靴のホツクを嵌めてくれたが、それが済むと彼女は上気した顔で立上つた。
「さあ、お魚を釣りに行きませう」と、婦人は空二の手を牽いて、橋のところまで来た。
「あなたはここで待つてゐらつしやい。今に大きなお魚を釣つてあげますよ」と、彼女は空二をひとり橋の上に残して、谷川の方へ降る細い路を降りて行つた。空二は橋の上から谷川の方を見下してゐると、やがて、渓流に臨んだ岩の上に彼女の姿は現れた。彼女は身軽さうに岩の端に立停まり、釣竿を降した。今、糸の垂れてゐる処から少し離れて、水がキラキラ輝いてゐる。彼女はそれを時折、眩しさうにしてゐたが、釣竿のさきに心は奪はれてゐるやうであつた。
ふと、空二は今のうちに何処かへ行つてしまはうかと思つた。さうすれば、あの婦人と自分はもう何のかかはりもなくなつてしまひさうだつた。しかし、何ものかが彼をいま引留めてゐるやうでもあつた。空二はそれに抗ふやうに五六歩、歩いてみた。
「空二さん、空二さん、釣れましたよ、そら」
何時の間にか婦人は空二の側に走り寄つてゐた。息を弾ませながら、彼女は糸のさきに跳ねる魚を空二の鼻さきに持つて来る。
「そら、ねえ、大きなお魚でせう」彼女は鉤を外して、掌に掴んだ魚を空二の方に差出した。

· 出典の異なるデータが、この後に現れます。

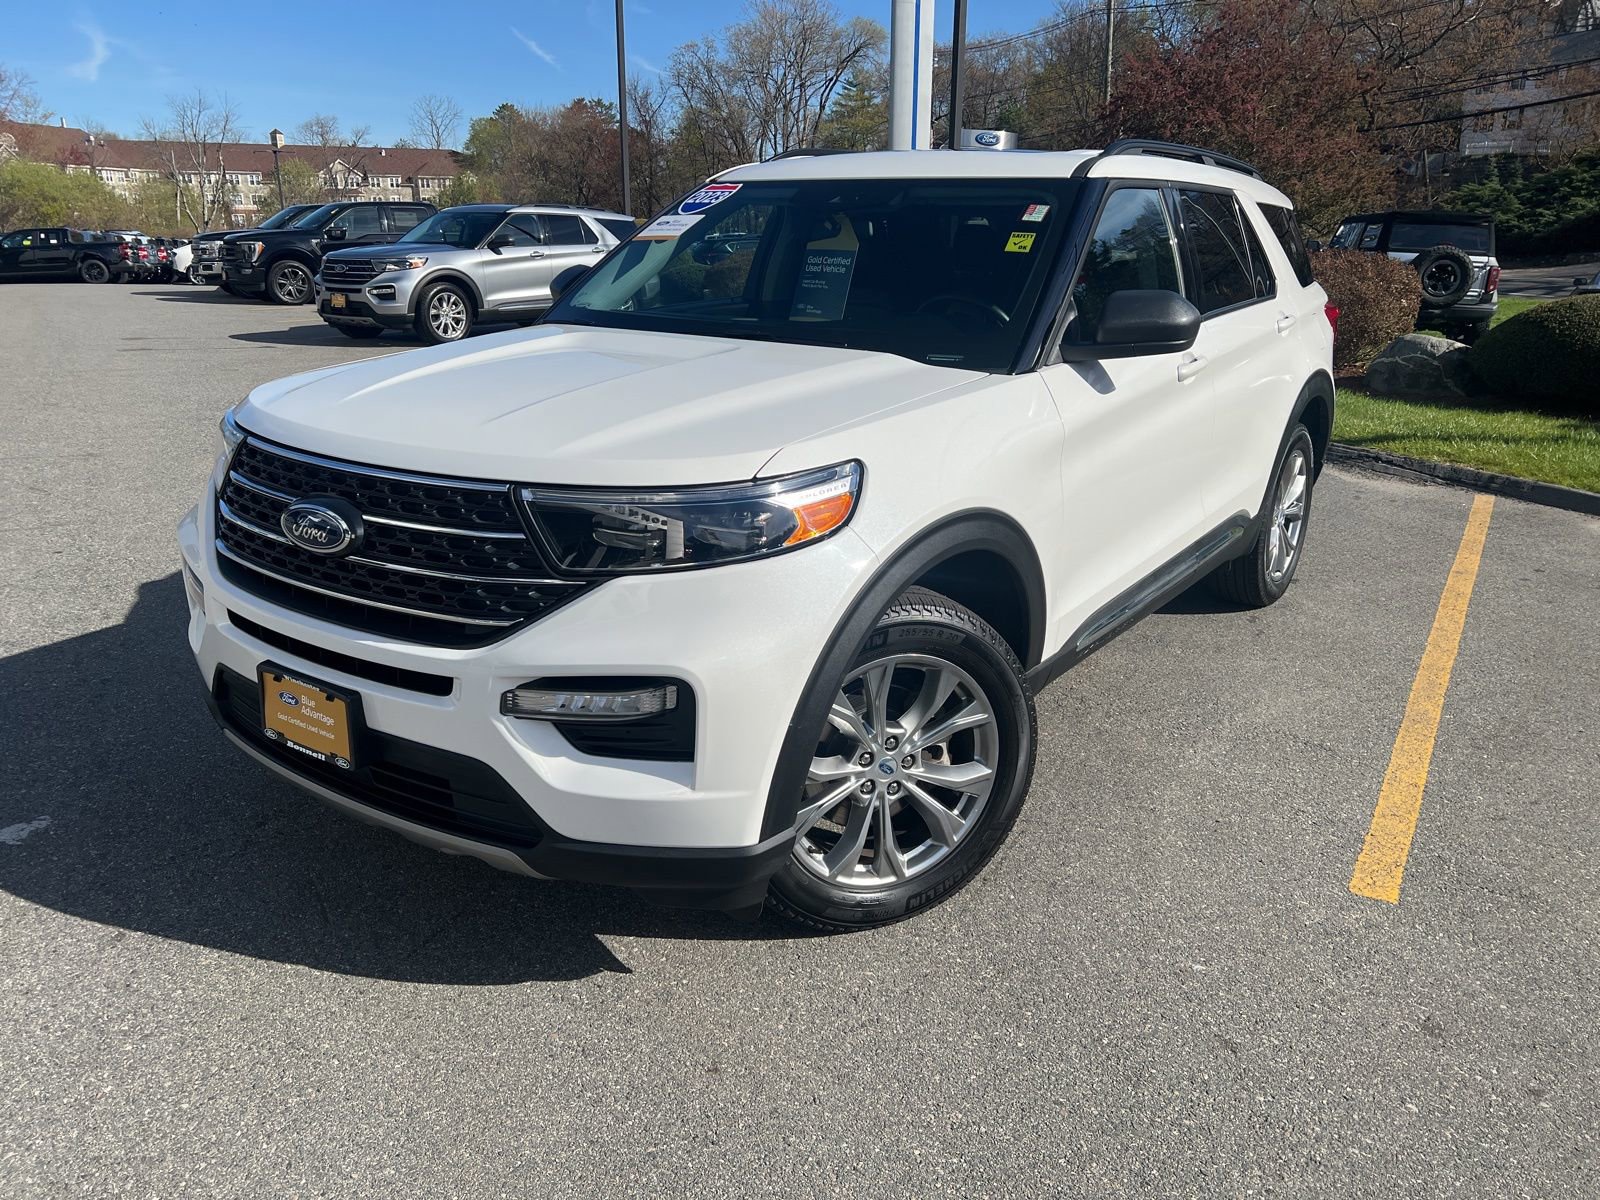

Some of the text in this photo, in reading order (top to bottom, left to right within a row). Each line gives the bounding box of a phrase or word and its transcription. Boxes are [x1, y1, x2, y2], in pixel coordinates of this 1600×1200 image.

[686, 191, 730, 204] 2023
[807, 256, 851, 265] Gold Certified
[805, 264, 846, 274] Used Vehicle
[799, 482, 848, 499] PLORER
[292, 513, 331, 543] Ford
[281, 691, 297, 706] Ford
[301, 695, 316, 708] Blue
[301, 706, 335, 726] Advantage
[277, 712, 335, 740] Gold Certified Used Vehicle
[287, 740, 326, 761] Bonnell

空二がおそるおそる掌を出すと、青い大きな魚は空二の掌に触つた瞬間ピリリと動いた。空二は吃驚して手を引込めた。魚は地上に墜ちて、ピンピン跳ね出した。眼も、腹も、砂まみれになつて、跳ねてゐる魚が、突然、空二を異常な恐怖に突落した。うわあ、と泣きながら、彼はガタガタ戦きだした。
「ああ、お魚が怕かつたのですか、それではもうこれは逃がしてやりませうね」
婦人は砂まみれの魚を水の中に放つた。しかし、空二はますます烈しく顫へて来た。「怕い、怕い」と、夢中で婦人に縋りついた。婦人は空二を抱き上げて、再び芝生のところへ運んで行つた。空二の顔は死人のやうに真白であつた。
「おお、可哀相に、暫くここでお休みなさい」と、婦人は膝の上に空二の頭を載せてやり、静かに頭髪を撫でてゐた。
「見える! 見える」と、空二はなほも口走つた。
「いいえ、もう見えは致しません。そら、眼を閉ぢて、静かに息をなさいませ。何にも、なんにも見えはしないでせう」
婦人の膝の温もりが、空二の頬に伝はつて来るに随つて、彼は次第に気が鎮まつて行つた。